[What is needed]:
What you return must match the records word for word, except that images are dropped.

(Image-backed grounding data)

<<<<

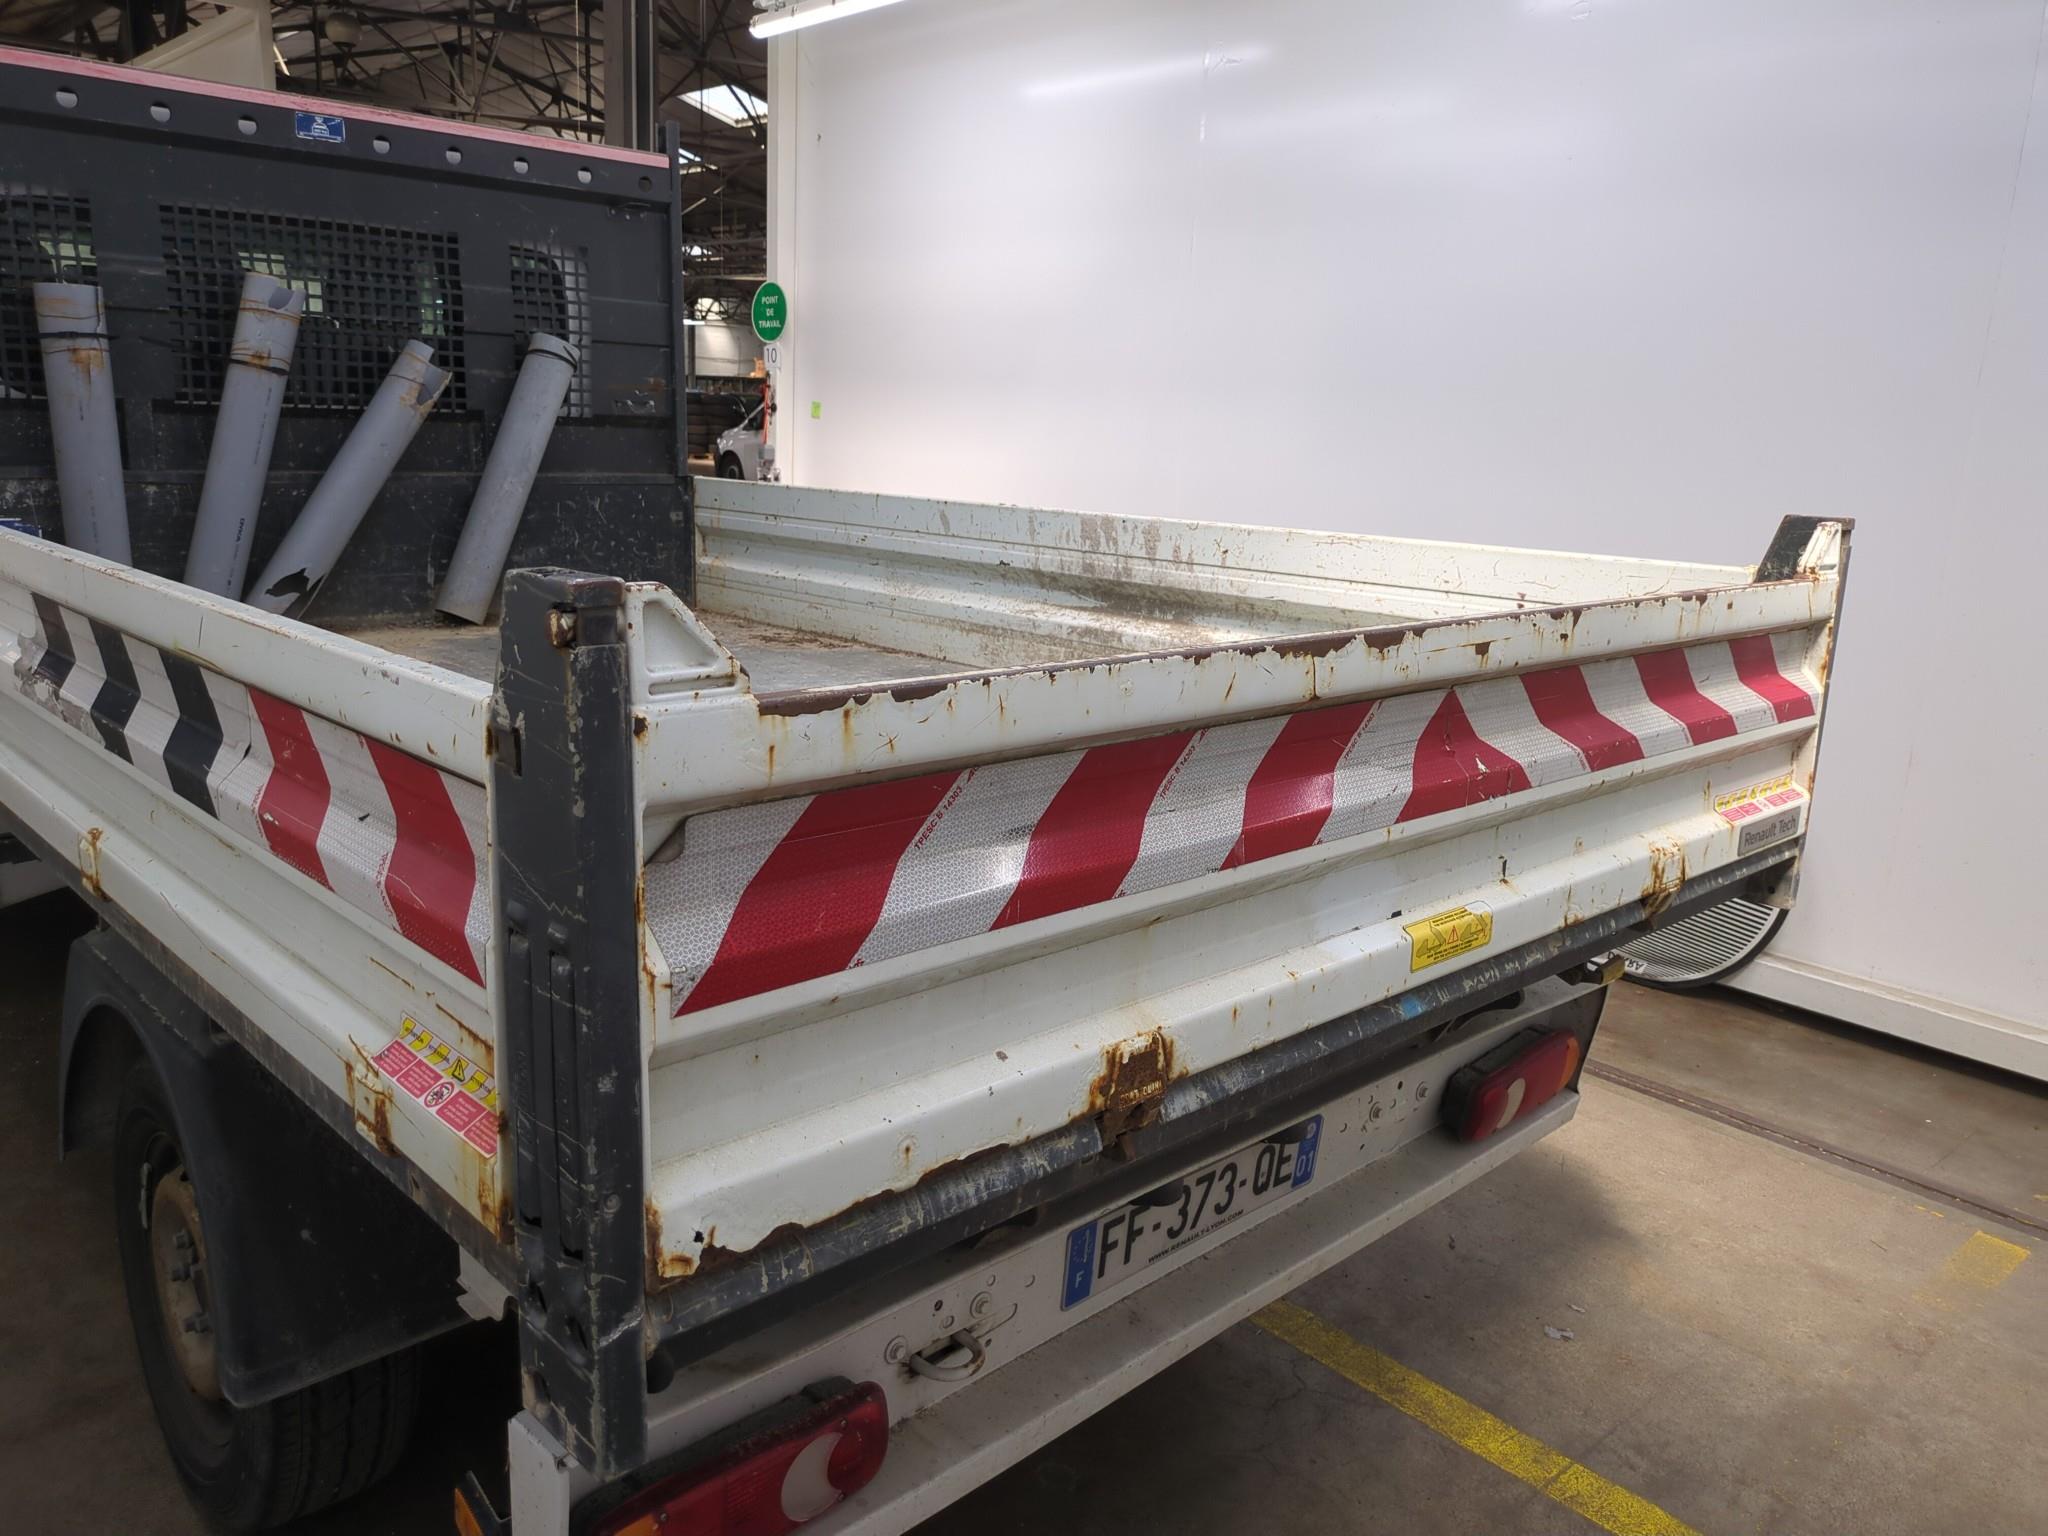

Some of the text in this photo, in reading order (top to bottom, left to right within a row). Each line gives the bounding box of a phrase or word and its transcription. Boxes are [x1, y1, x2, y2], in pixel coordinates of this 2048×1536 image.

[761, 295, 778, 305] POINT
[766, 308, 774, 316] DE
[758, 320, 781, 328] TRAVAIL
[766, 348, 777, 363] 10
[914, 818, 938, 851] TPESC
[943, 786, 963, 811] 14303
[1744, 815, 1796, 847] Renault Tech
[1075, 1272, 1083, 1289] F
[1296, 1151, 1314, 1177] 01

>>>>

[Expected answer]:
Some of the text in this photo, in reading order (top to bottom, left to right within a row). Each line gives the bounding box of a phrase or word and its transcription. Boxes are [x1, y1, x2, y2], in pixel coordinates of this 2048×1536 image.

[761, 295, 778, 305] POINT
[766, 308, 774, 316] DE
[758, 320, 781, 328] TRAVAIL
[766, 348, 777, 363] 10
[914, 818, 938, 851] TPESC
[943, 786, 963, 811] 14303
[1744, 815, 1796, 847] Renault Tech
[1075, 1272, 1083, 1289] F
[1296, 1151, 1314, 1177] 01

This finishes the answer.